Outlook — "We expect improvement in our overall fourth-quarter results mainly as a result of increased demand for Flat-rolled products in North America, driven primarily by automotive markets and continued strength in tin mill markets,” said Surma, commenting on U. S. Steel's outlook. “However, we expect to report an overall operating loss in the fourth quarter due primarily to continued low operating rates and idled facility carrying costs for our Flat-rolled and Tubular segments.
 
“We remain cautious in our outlook for end-user demand as customer order rates in Flat-rolled and U. S. Steel Europe (USSE) have decreased from the third quarter, partly due to seasonal slowdowns, and we will continue to adjust production to meet our customers' demand.

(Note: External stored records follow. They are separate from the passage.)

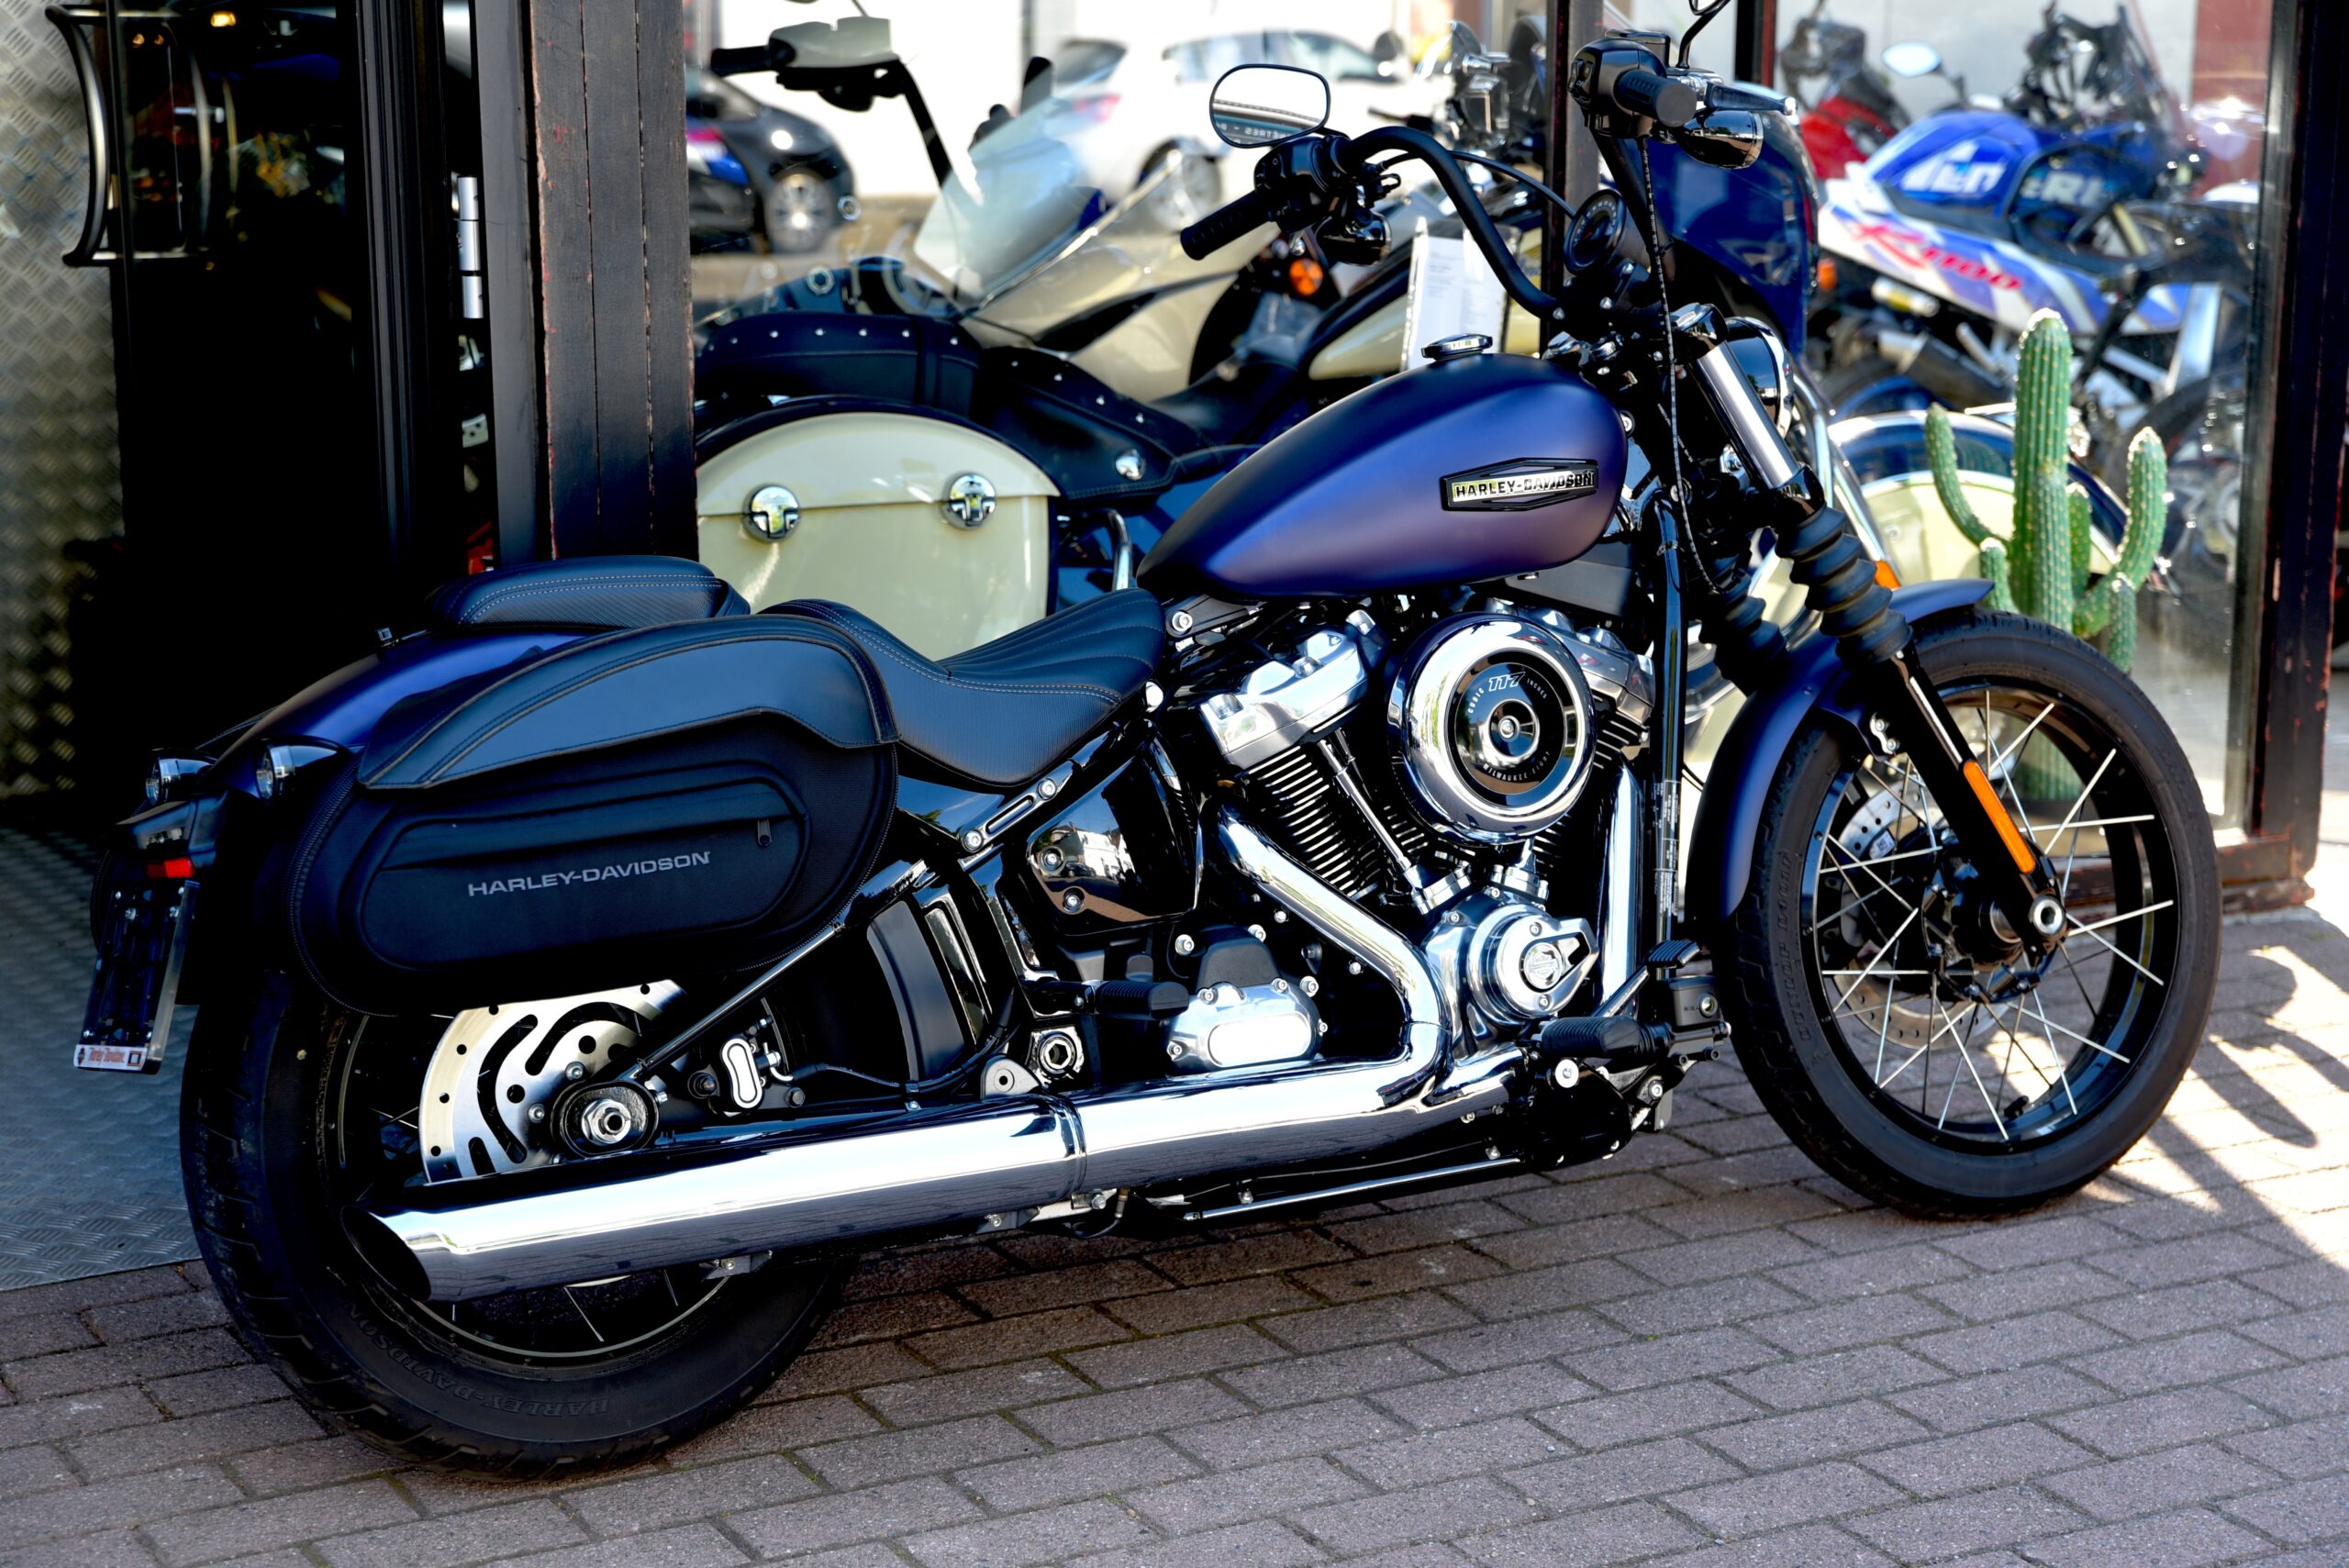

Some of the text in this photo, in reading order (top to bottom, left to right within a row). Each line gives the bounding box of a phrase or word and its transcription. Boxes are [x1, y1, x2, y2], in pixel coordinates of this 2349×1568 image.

[1455, 470, 1595, 497] HARLEY-DAVIDSON
[1468, 671, 1548, 714] CUBIC 117 INCHES
[1482, 751, 1552, 782] MILWAUKEE-EIGHT
[467, 851, 711, 897] HARLEY-DAVIDSON
[343, 1299, 609, 1418] HARLEY-DAVIDSON
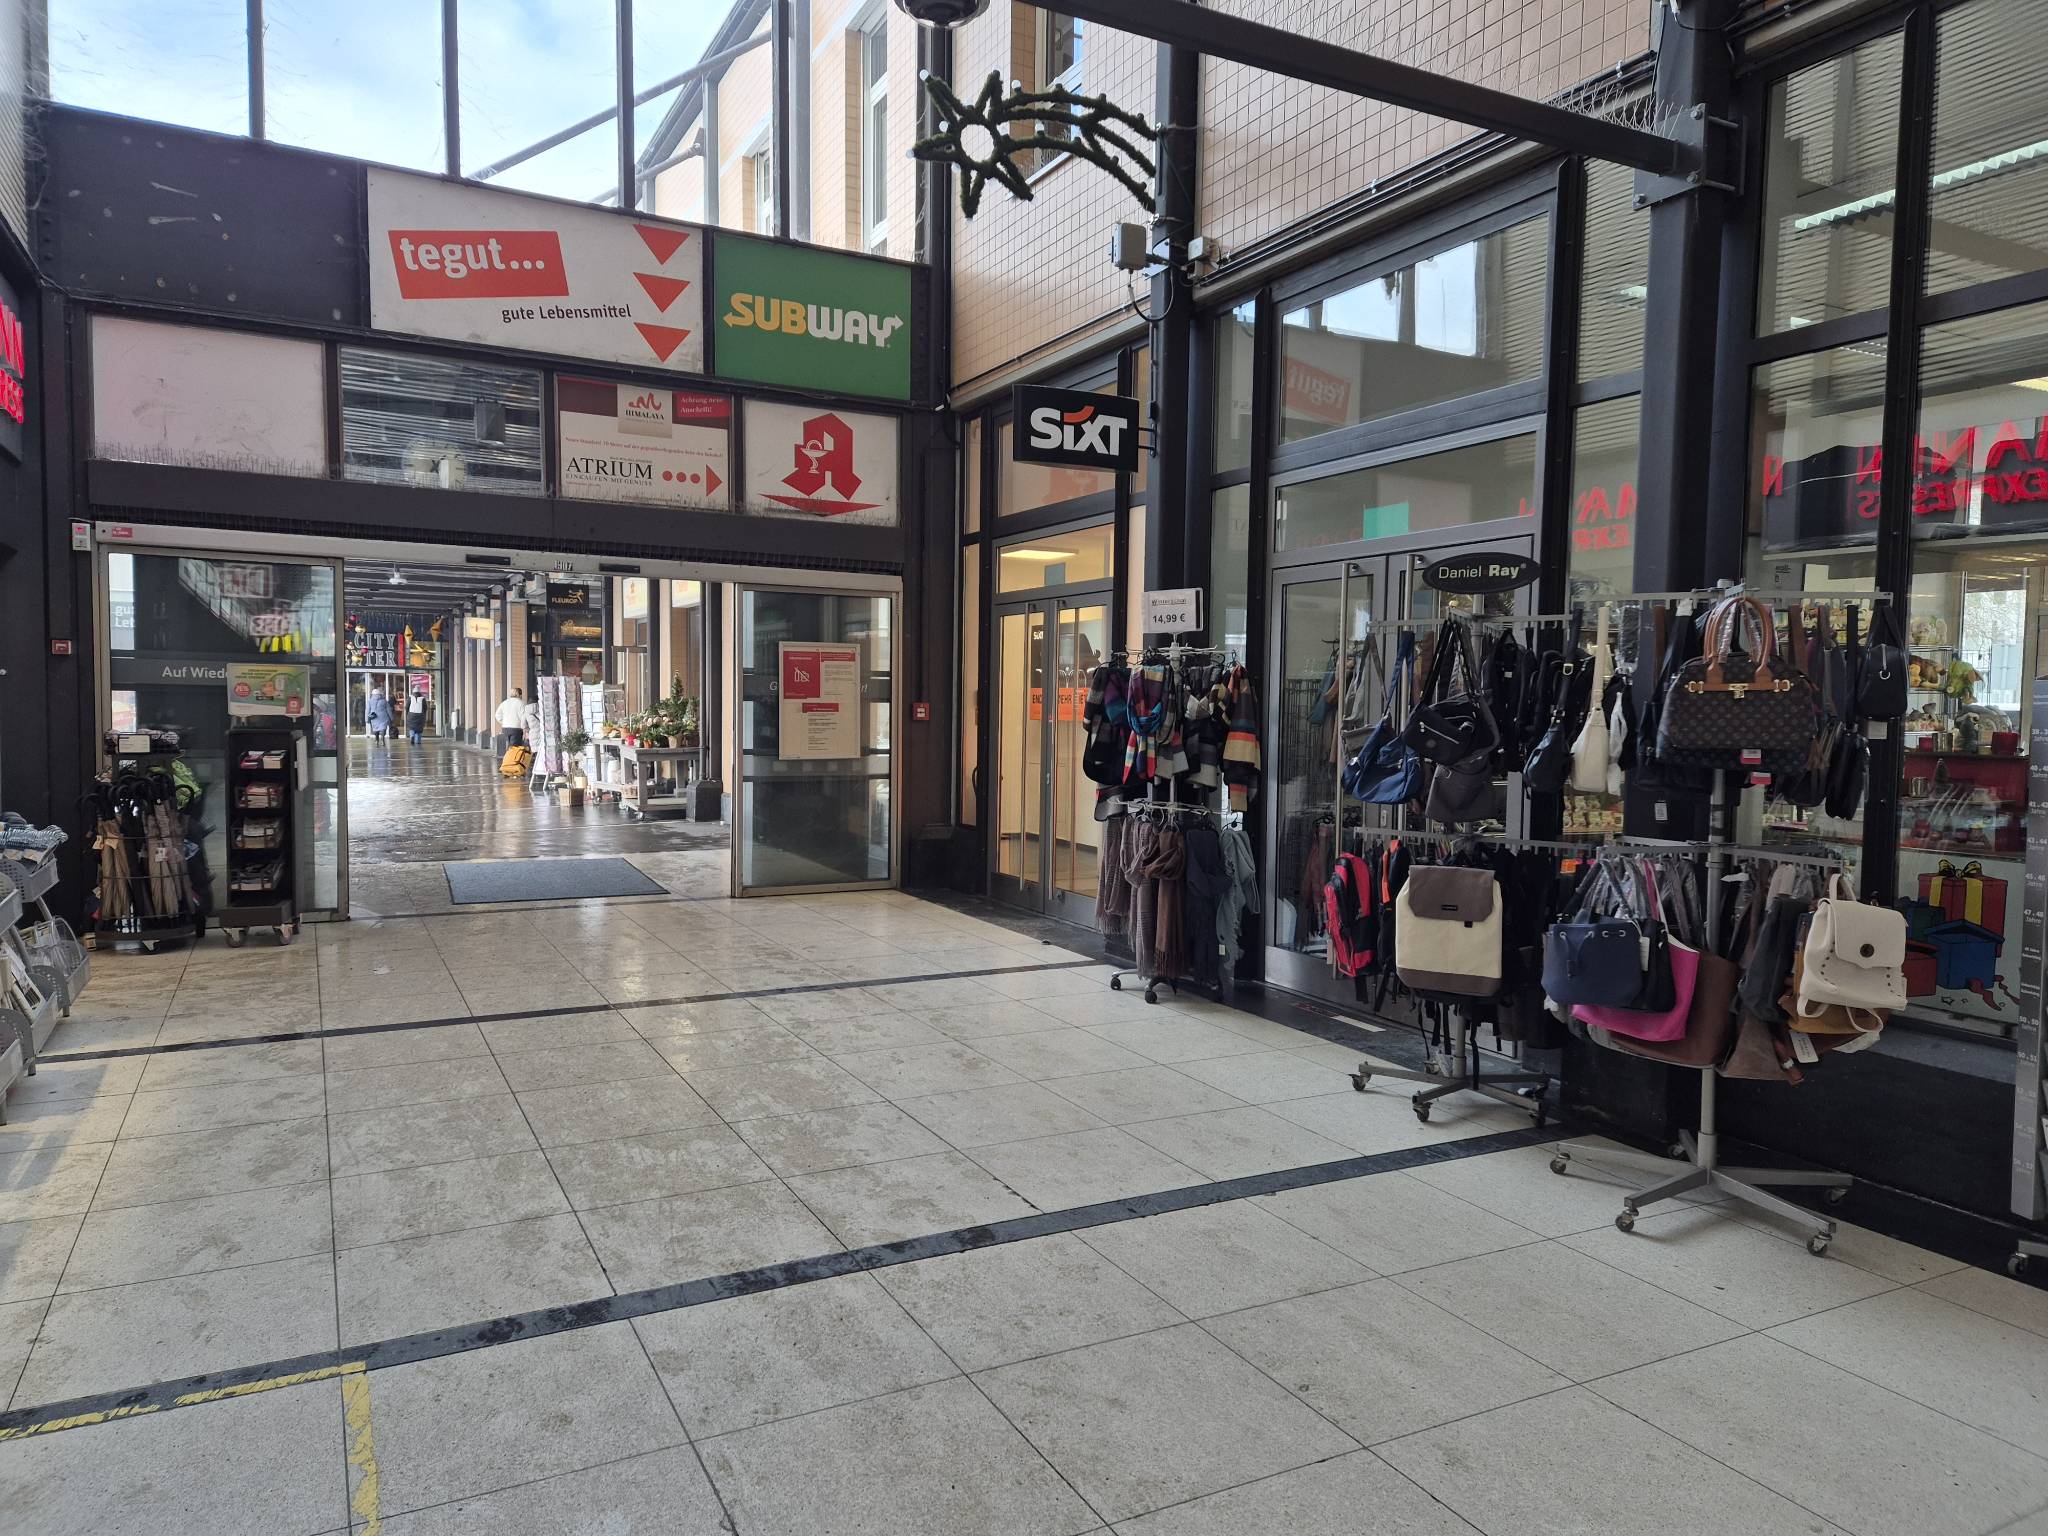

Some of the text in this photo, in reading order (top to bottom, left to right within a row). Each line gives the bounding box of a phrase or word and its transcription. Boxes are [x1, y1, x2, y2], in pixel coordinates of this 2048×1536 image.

Despite these concerns and uncertainties, we believe that the U.S. and global economies are in the early stages of a gradual recovery, which has been aided by global stimulus policies and may be supported by continued improvement in credit markets and inventory restocking."
 
For the Flat-rolled segment, Surma said the company expects fourth-quarter results to improve somewhat from the third quarter due primarily to higher average realized prices and increased shipments. He noted that the company does, however, expect to report an operating loss for the fourth quarter, primarily due to low operating rates and continued carrying costs for idled facilities. To adjust production to meet customer order rates, he said the company anticipates idling the Gary Works #14 Blast Furnace for repairs during the fourth quarter, as well as one of two furnaces at Granite City Works. As a result, Surma said the fourth quarter raw steel capability utilization rates are likely to be in line with third-quarter levels.
 
Surma also noted that the labor agreement covering the company’s Lake Erie Works operations has expired and no successor agreement has been reached yet.
 
“We expect fourth quarter results for USSE to be in line with the third quarter as higher average realized prices are offset by higher raw material costs and slightly lower shipments,” continued Surma. “Due to a planned maintenance outage for one of the three blast furnaces at USSK, we expect raw steel capability utilization rates to be lower than third quarter levels.” Surma added that the blast furnace operating configuration in Serbia would be adjusted as required to support customer order rates.
 
“Fourth quarter results for Tubular are expected to be comparable to the third quarter as operating levels, shipments and prices remain around prior quarter levels and we continue to incur carrying costs for idled facilities,” concluded Surma.
 
On October 9, 2009, U. S. Steel Canada (USSC) entered into an agreement with an unaffiliated third party providing for the sale of USSC's 44.6% interest in the Wabush Mines Joint Venture for approximately $53 million. Wabush owns and operates iron ore mining and pellet facilities in Newfoundland, Labrador and Quebec, Canada. On October 12, 2009, Cliffs Natural Resources Inc., one of the other owners of Wabush, exercised its right of first refusal and is now obligated to acquire USSC's interest in Wabush. Completion of the transaction is subject to customary closing conditions, including regulatory approvals and third party consents, and is scheduled to occur in the fourth quarter of 2009.